# Fibonacci Calculator

**Instructions**

**Input**

**Trend direction**Select ‘Up’ or ‘Down’ to simulate an upward or downward trend.

**Retracement/Projection**Select “Retracement” to calculate the pullback points within a trend, or choose “Projection” to calculate the target points after a breakout.

**Low price**In an upward trend, this is the lowest point of the price retracement. In a downward trend, this is the lowest point the price reaches.

**High price**In an upward trend, this is the highest point the price reaches. In a downward trend, this is the highest point of the price rebound.

**Ending price (when “Projection” is selected)**Enter the expected price target. This figure is typically the next high or low point you anticipate the price will reach, based on the current market trend.

**Operating procedures**

- Choose the trend direction.

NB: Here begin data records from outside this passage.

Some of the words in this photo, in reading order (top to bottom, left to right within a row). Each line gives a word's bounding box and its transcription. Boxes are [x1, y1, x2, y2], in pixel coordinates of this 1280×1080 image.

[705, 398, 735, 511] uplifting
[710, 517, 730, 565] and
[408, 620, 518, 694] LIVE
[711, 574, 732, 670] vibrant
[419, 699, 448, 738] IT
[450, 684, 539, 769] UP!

For example, when calculating Fibonacci retracement levels for EUR/USD, choose the "Up" trend direction.

- Select the "Drawdown" radio button to instruct the calculator to calculate the drawdown levels.

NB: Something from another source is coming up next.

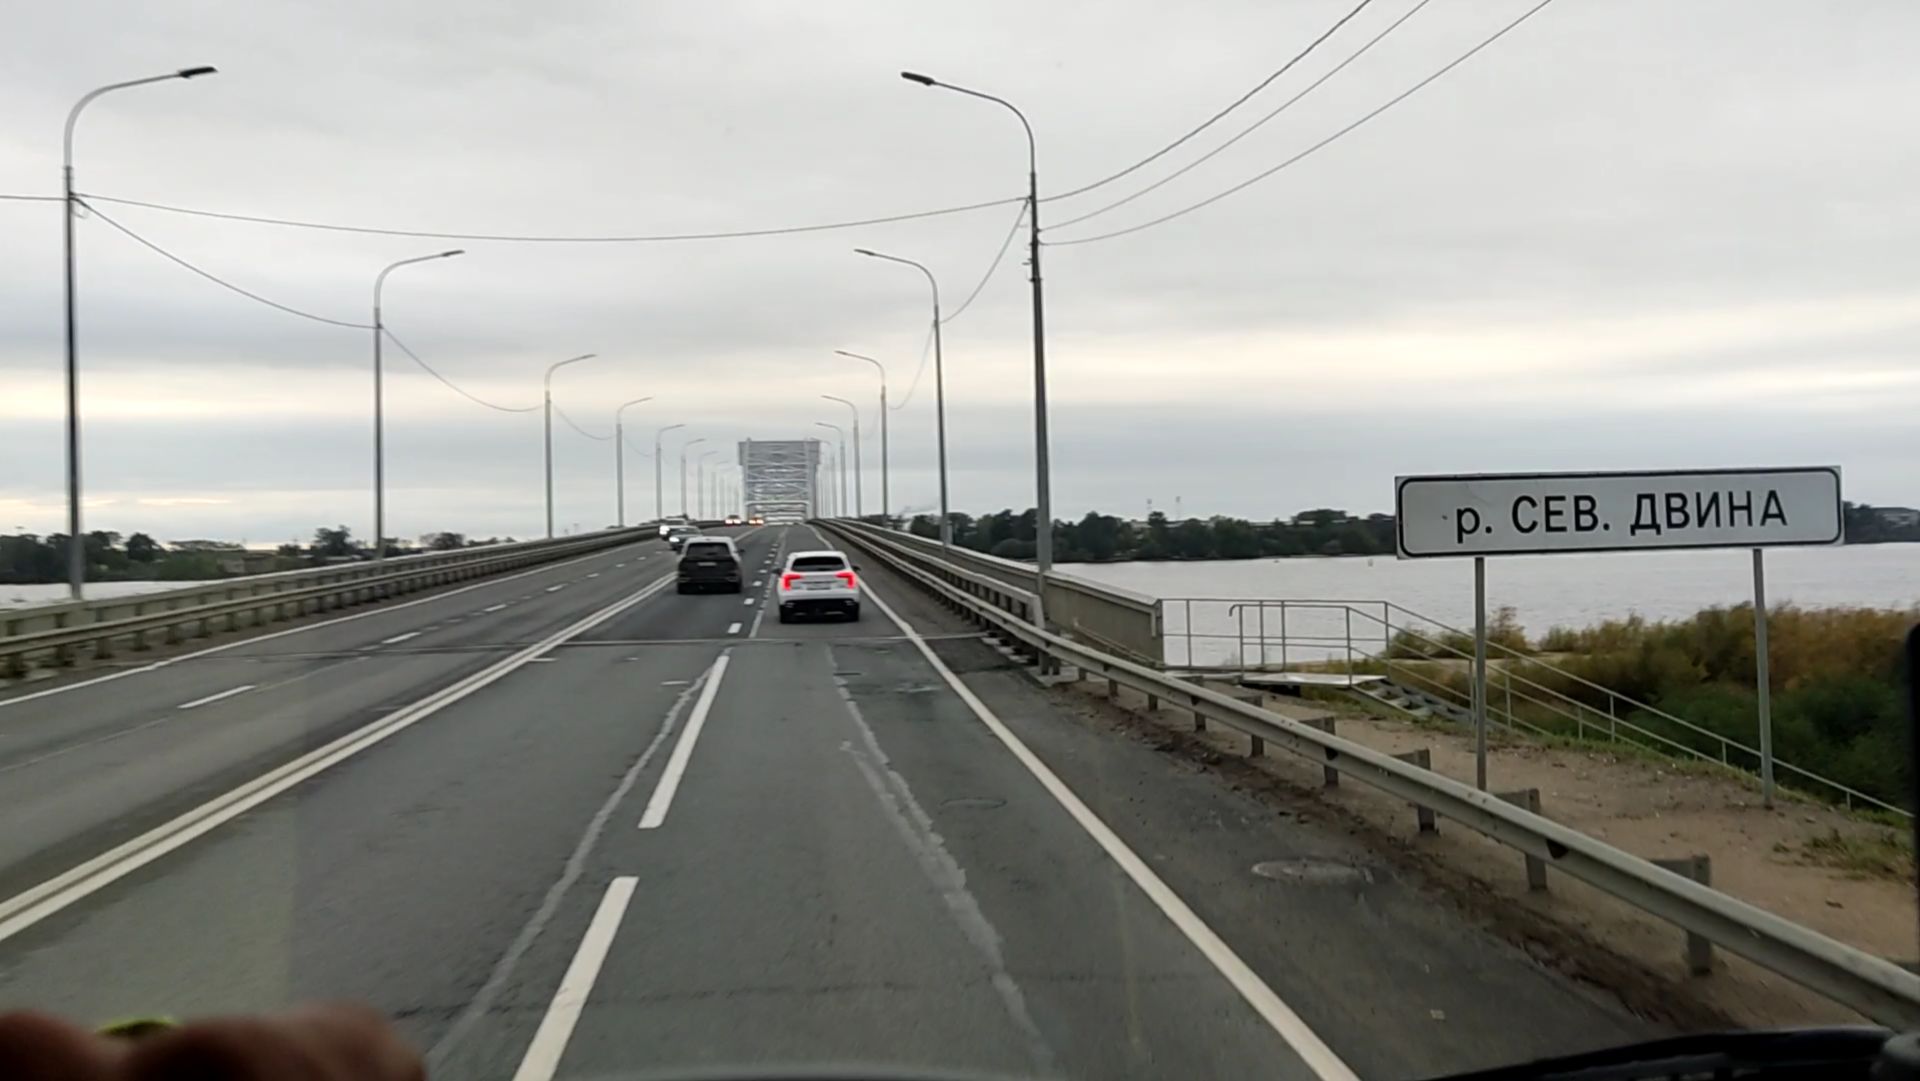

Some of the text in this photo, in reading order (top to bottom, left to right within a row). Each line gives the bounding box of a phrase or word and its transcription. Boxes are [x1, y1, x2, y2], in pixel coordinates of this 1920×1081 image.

[1456, 490, 1787, 544] р. СЕВ. ДВИНА

- Input the low price and high price, for example, the low price is 1.16653 and high price is 1.20552.

- Click the "Calculate" button.

**Result**

The Fibonacci calculator will calculate and display the retracement levels for the currency pair. These levels are created by taking the two extreme value points of the commodity’s price behavior (the lowest or highest fluctuation, or simply points A and B) and dividing the vertical distance by the key Fibonacci ratios of 23.6%, 38.2%, 50%, and 61.8%.

For example, in an uptrend, the lowest swing of EUR/USD (point A) is 1.16653, and the price rises to a high of 1.20552 (point B). After inputting this data, the calculator will display the Fibonacci retracement levels for each retracement position.

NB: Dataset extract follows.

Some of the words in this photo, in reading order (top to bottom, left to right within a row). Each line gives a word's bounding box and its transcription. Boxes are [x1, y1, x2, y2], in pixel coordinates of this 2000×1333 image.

By default, the calculator will display the retracement levels. For predictive (extension) levels, traders should fill in the ‘End Price’ field, and the calculator will display multiple possible predictive levels (up to 161.8%).

**What is Fibonacci levels?**

Fibonacci retracement is a common method of analyzing commodity price behavior in financial markets. It is not a mysterious ratio or price pattern, but a popular analytical tool whose utility depends on its degree of self-realization.

Fibonacci levels mainly consist of two types: retracement and extension. Retracement levels are used when prices reach new highs (uptrend) or lows (downtrend), and traders believe the trend may temporarily end. Fibonacci retracement levels appear when the market begins to adjust or consolidate.

**The main Fibonacci retracement levels include 0.236, 0.382, 0.500, 0.618, and 0.764.**

On the other hand, Fibonacci extension levels are used to forecast the extent to which prices may surpass their original range and continue moving in the direction of the trend. Market prices may retract to a Fibonacci retracement level and then continue moving in the direction of the underlying trend, creating new highs or lows. Alternatively, after a consolidation period, it may continue moving in the direction of the primary trend without touching any Fibonacci retracement levels.

**The key Fibonacci extension levels include 0.382, 0.618, 1.000, 1.382, and 1.618.**

Just like the golden ratio doesn’t have any magical or universal rules, neither does the Fibonacci ratio. They are just interesting ratios discovered by mathematicians, which were later adopted by traders.

Due to the widespread use of Fibonacci ratios in global markets, including by some professional traders, many people buy and/or sell at these levels, making Fibonacci levels potentially very effective.